- [TASK PROMPT] With all pictures excluded, restate the records that follow exactly as written.

- [DATA TO EXAMINE]
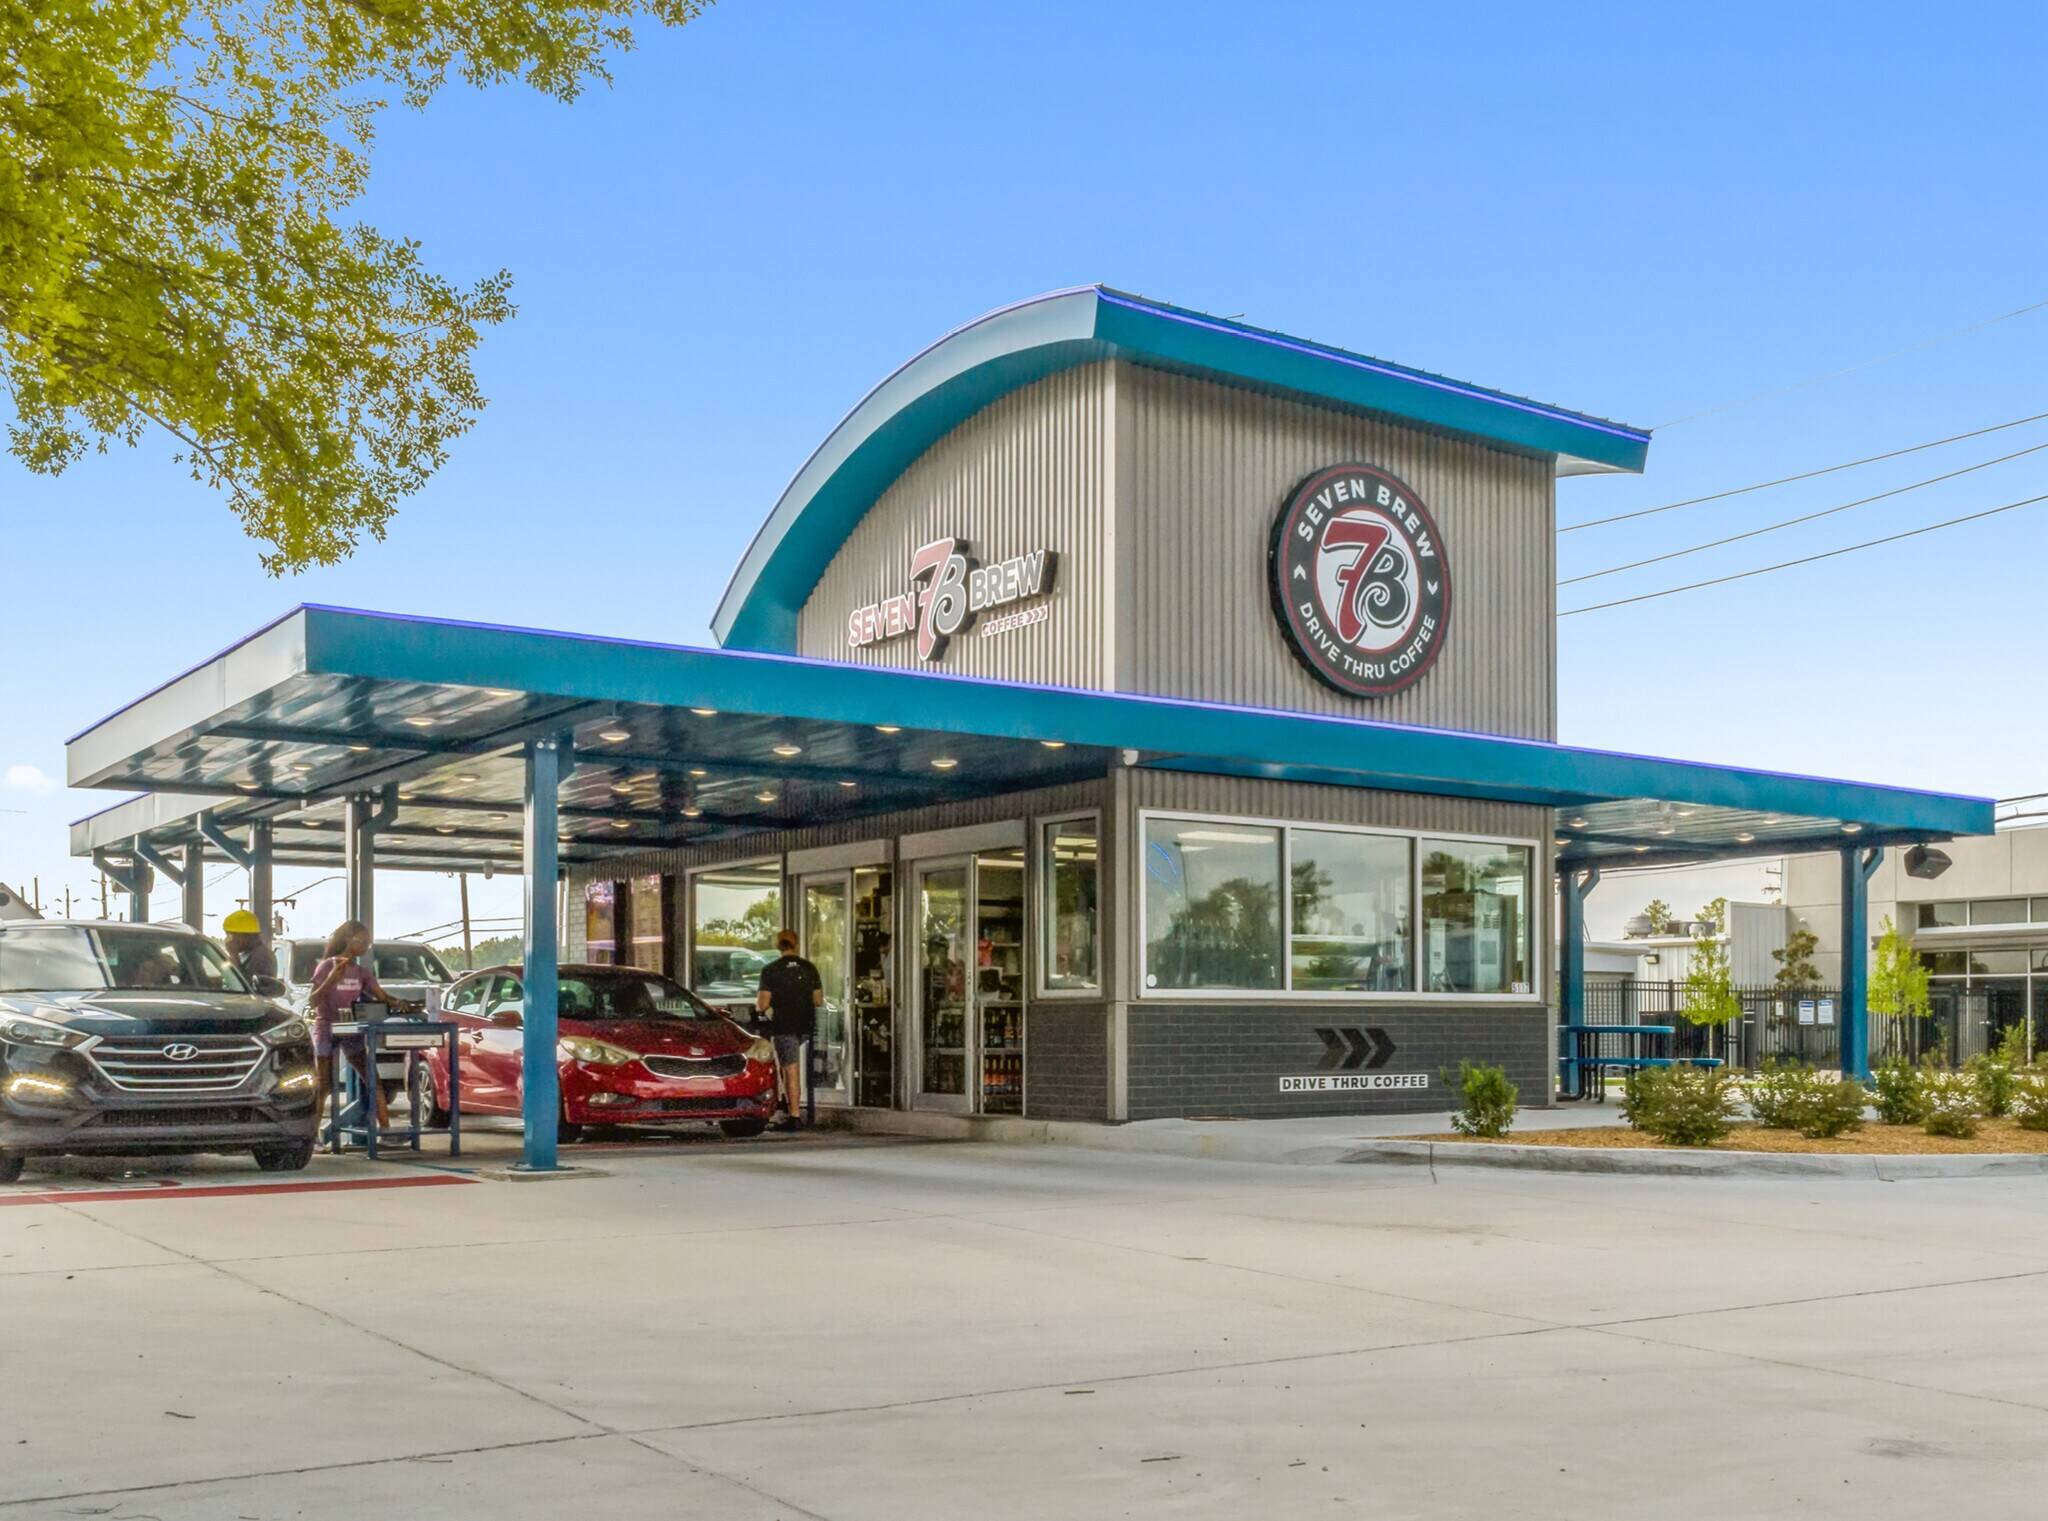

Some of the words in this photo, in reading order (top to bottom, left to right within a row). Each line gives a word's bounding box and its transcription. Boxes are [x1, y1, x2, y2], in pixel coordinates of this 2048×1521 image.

[1298, 479, 1366, 542] SEVEN
[1376, 485, 1435, 558] BREW
[849, 591, 916, 647] SEVEN
[970, 550, 1045, 611] BREW
[982, 614, 1024, 635] COFFEE
[1300, 602, 1341, 662] DRIVE
[1343, 655, 1385, 679] THRU
[1389, 614, 1435, 675] COFFEE
[1282, 1078, 1326, 1089] DRIVE
[1331, 1077, 1369, 1088] THRU
[1374, 1075, 1426, 1087] COFFEE

- [EXERCISE ANSWER]
Some of the words in this photo, in reading order (top to bottom, left to right within a row). Each line gives a word's bounding box and its transcription. Boxes are [x1, y1, x2, y2], in pixel coordinates of this 2048×1521 image.

[1298, 479, 1366, 542] SEVEN
[1376, 485, 1435, 558] BREW
[849, 591, 916, 647] SEVEN
[970, 550, 1045, 611] BREW
[982, 614, 1024, 635] COFFEE
[1300, 602, 1341, 662] DRIVE
[1343, 655, 1385, 679] THRU
[1389, 614, 1435, 675] COFFEE
[1282, 1078, 1326, 1089] DRIVE
[1331, 1077, 1369, 1088] THRU
[1374, 1075, 1426, 1087] COFFEE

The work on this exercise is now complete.